According to the survey, nearly 50 percent of users used names, slang words, dictionary words, or trivial passwords (consecutive digits, adjacent keyboard keys, etc.).
It’s a problem that has changed very little during the past 20 years, according to Brian Contos, chief security strategist at Imperva, referring to a 1990 Unix password study that showed a password selection pattern similar to what consumers select today. “People are still using the same bad passwords,” he says. “After all the education and awareness training, people are still taking simplicity over security.”
Part of the reason for this is that the modern consumer relies on and uses so many applications and services that require passwords. “The real problem is that because you have so many passwords, people use the same one. The same one they use for Facebook they use at Bank of America and to file a health insurance claim,” Contos explains.
According to Contos, everyone needs to understand what the combination of poor passwords means: With minimal effort, a hacker can gain access to 1,000 accounts every 17 minutes.
“At a minimum, everyone should have two sets of passwords: one for more general activities and one for more important activities,” Contos advises.
Banks, financial firms, insurance providers, and others that rely on customers to provide passwords also have an obligation to better advise their account holders. “Organizations should recommend that their clients give more and different passwords,” Contos says. “And they can use things like voice biometrics more.”

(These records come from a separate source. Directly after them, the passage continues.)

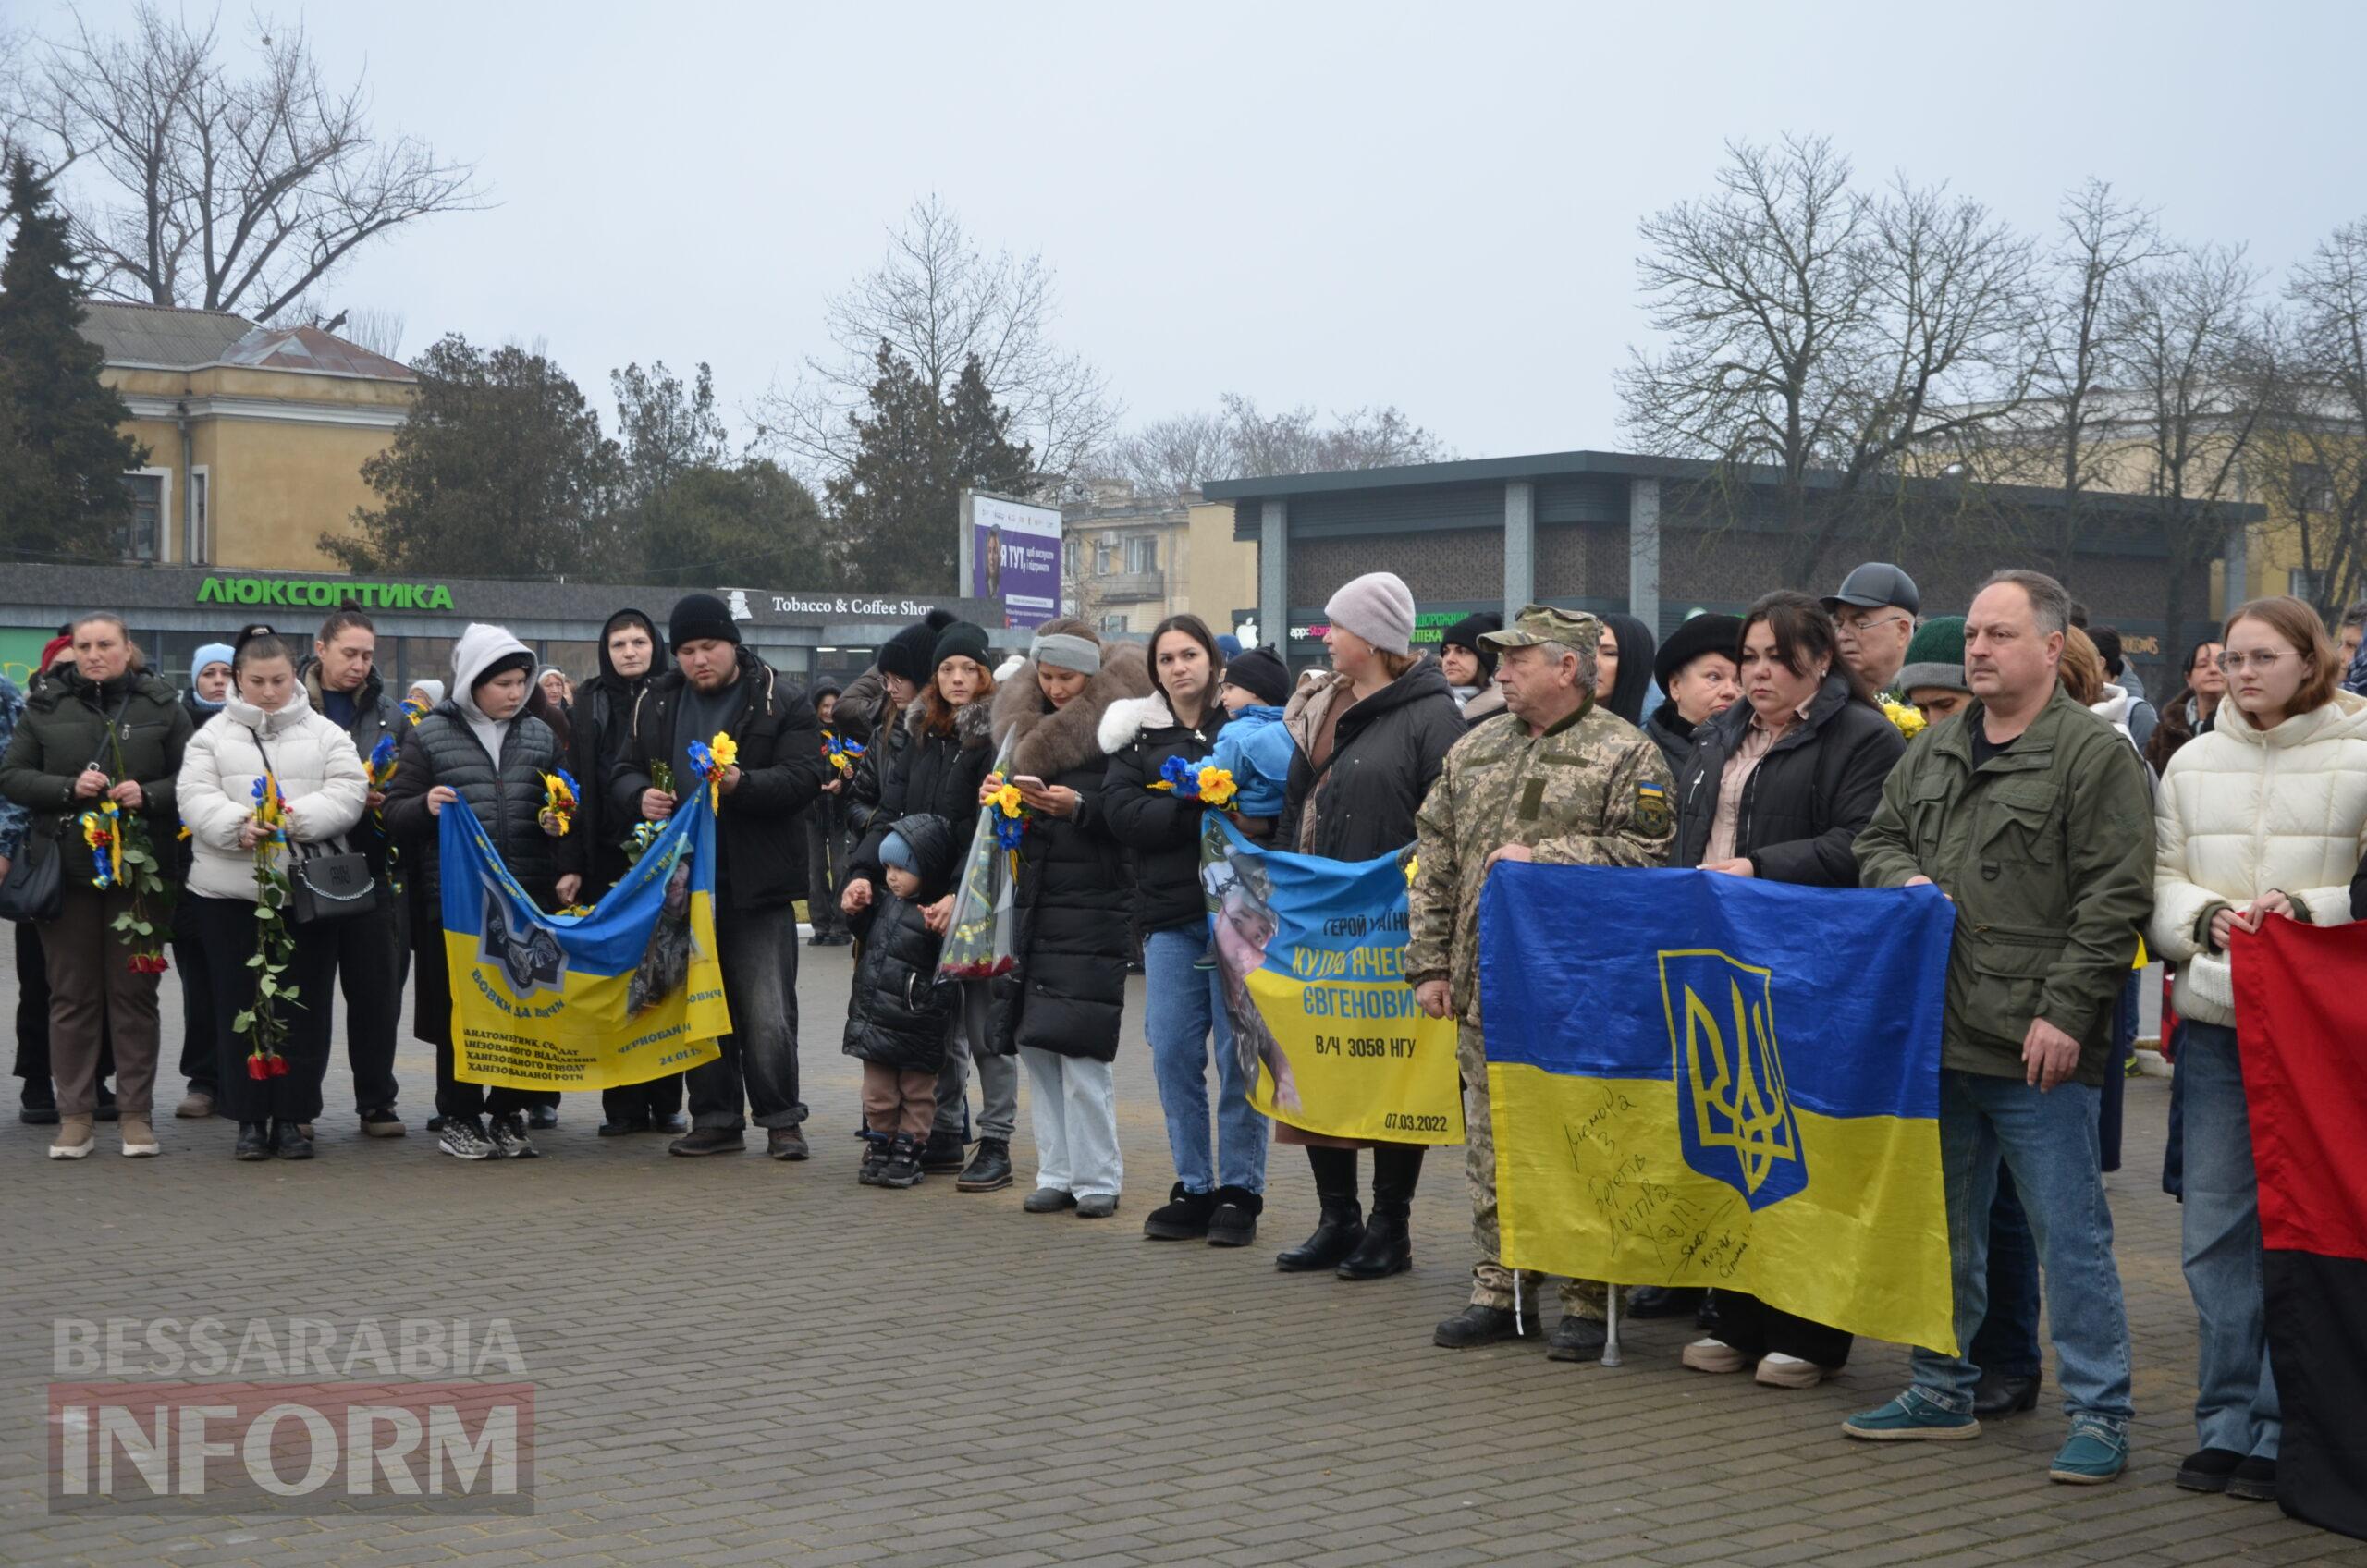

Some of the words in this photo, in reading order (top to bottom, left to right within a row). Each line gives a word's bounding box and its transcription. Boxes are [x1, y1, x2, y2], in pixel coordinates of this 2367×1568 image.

[1000, 545, 1007, 567] Я
[1008, 545, 1025, 573] ТУТ,
[196, 577, 455, 609] ЛЮКСОПТИКА
[772, 596, 832, 613] Tobacco
[835, 598, 847, 613] &
[851, 599, 897, 615] Coffee
[1323, 913, 1367, 937] ГЕРОЙ
[1316, 1035, 1341, 1056] В/Ч
[1348, 1037, 1385, 1057] 3058
[1390, 1038, 1416, 1058] НГУ
[1384, 1112, 1448, 1132] 07.03.2022
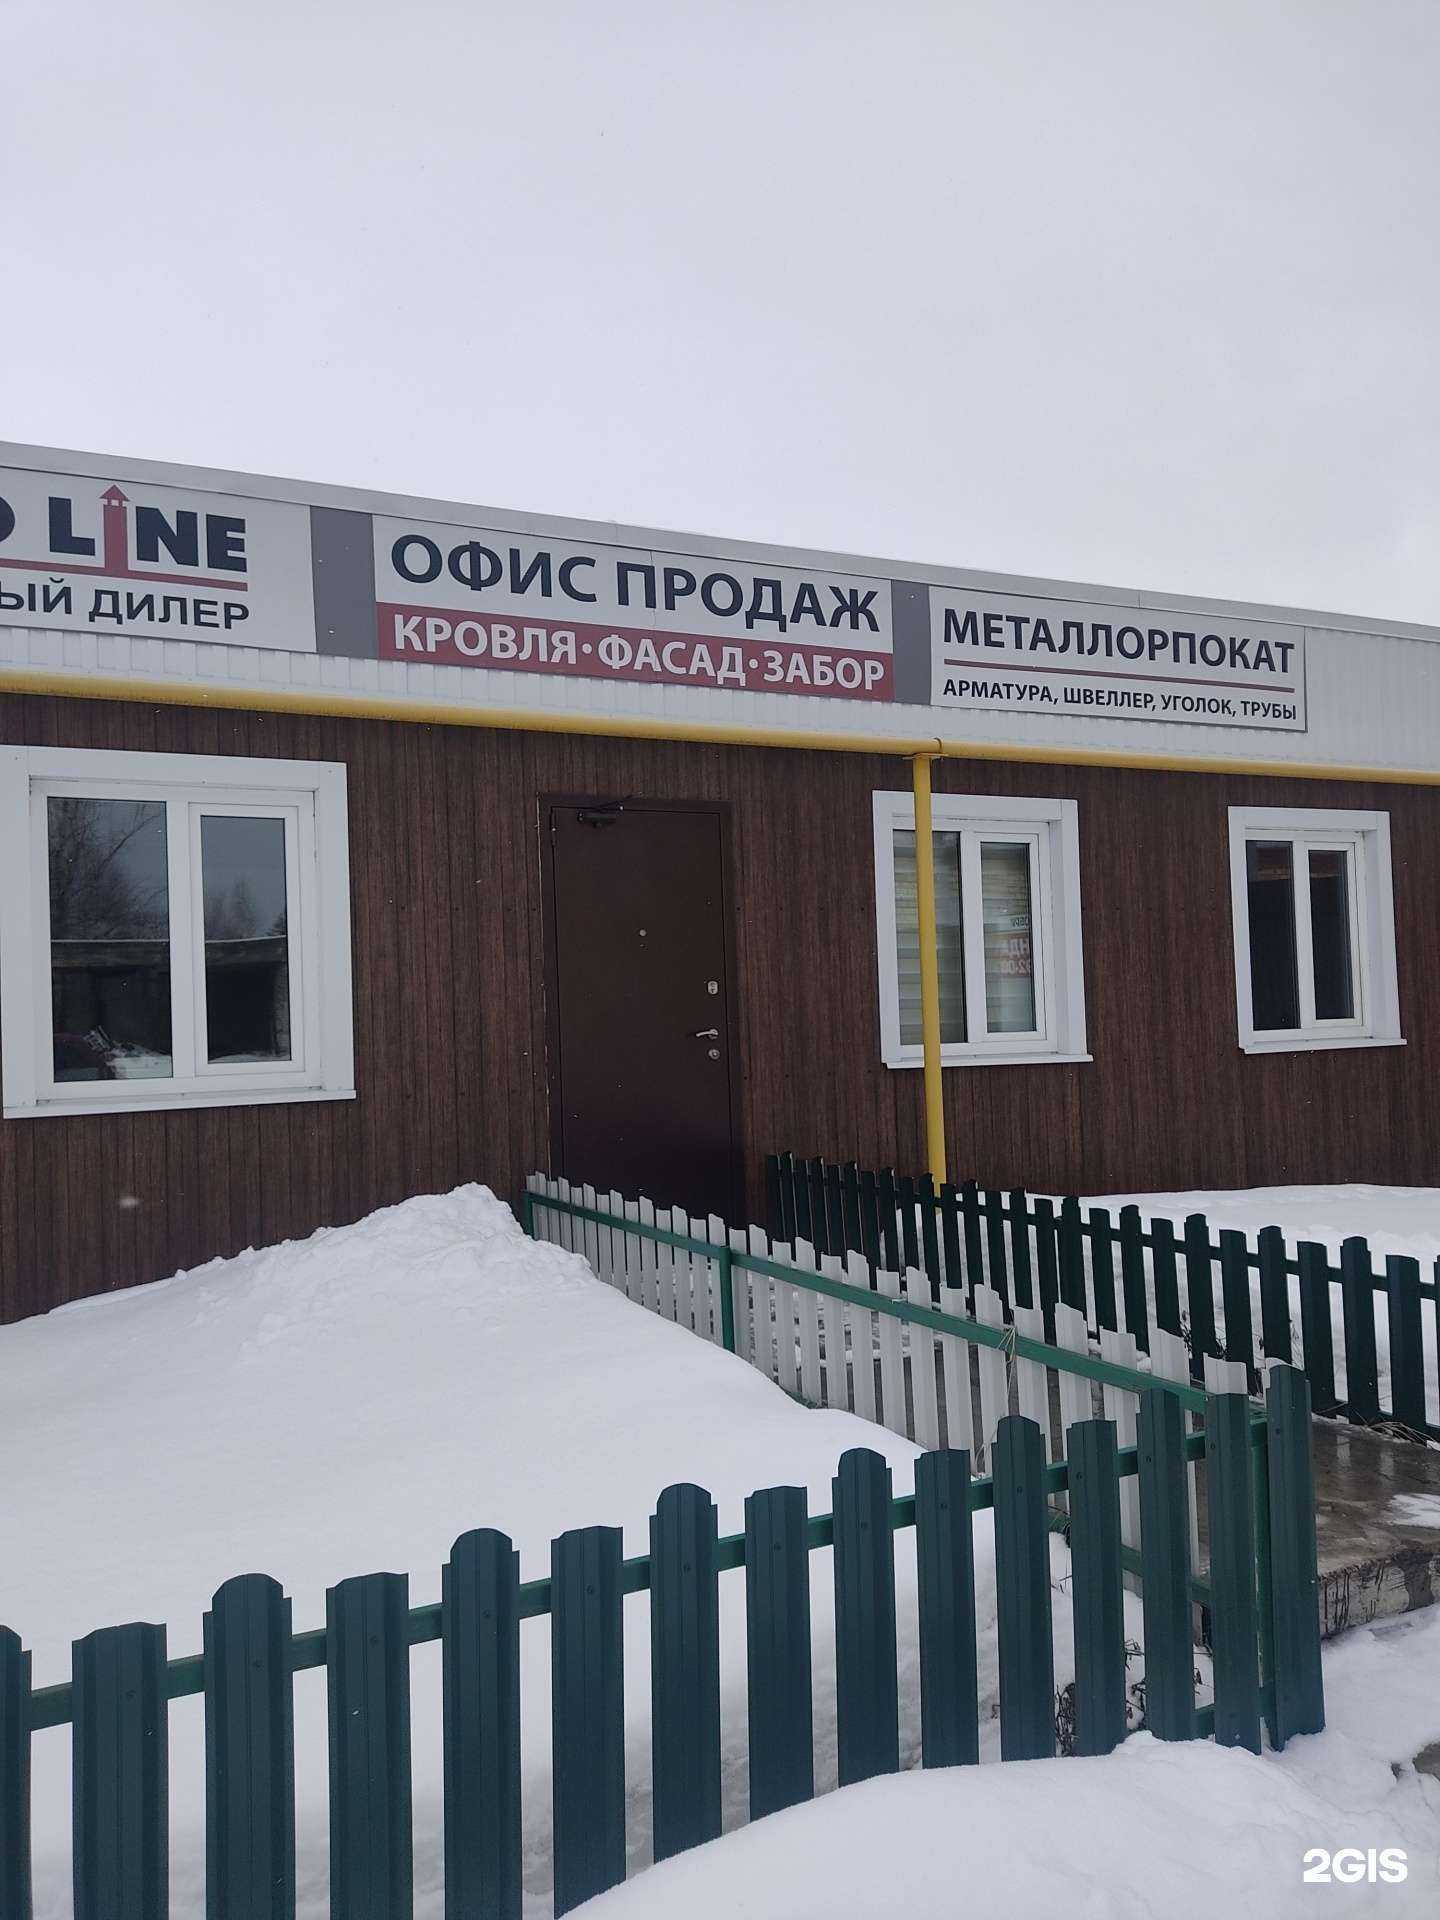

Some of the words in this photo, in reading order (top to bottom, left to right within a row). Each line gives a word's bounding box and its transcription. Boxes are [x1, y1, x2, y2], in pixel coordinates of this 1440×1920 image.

Sidebar: The High Cost of Credit Fraud
For consumers—and the banks and financial services firms that manage their accounts—the rise in identity theft crimes and credit fraud is especially troubling. The U.S. Treasury’s Financial Crimes Enforcement Network reported recently that suspicious credit card activity in the United States increased by 95 percent from 2007 to 2008, and that figure is expected to rise again for 2009. The U.S. Department of Homeland Security has said the cost of credit card fraud might be as high as $500 million a year. And when fraud does happen, it’s not just the credit card issuer that’s left holding the bag. Merchants often pay a high price, but so do cardholders, who often face economic losses and lengthy legal battles and have to expend huge amounts of time and effort to repair their damaged credit records.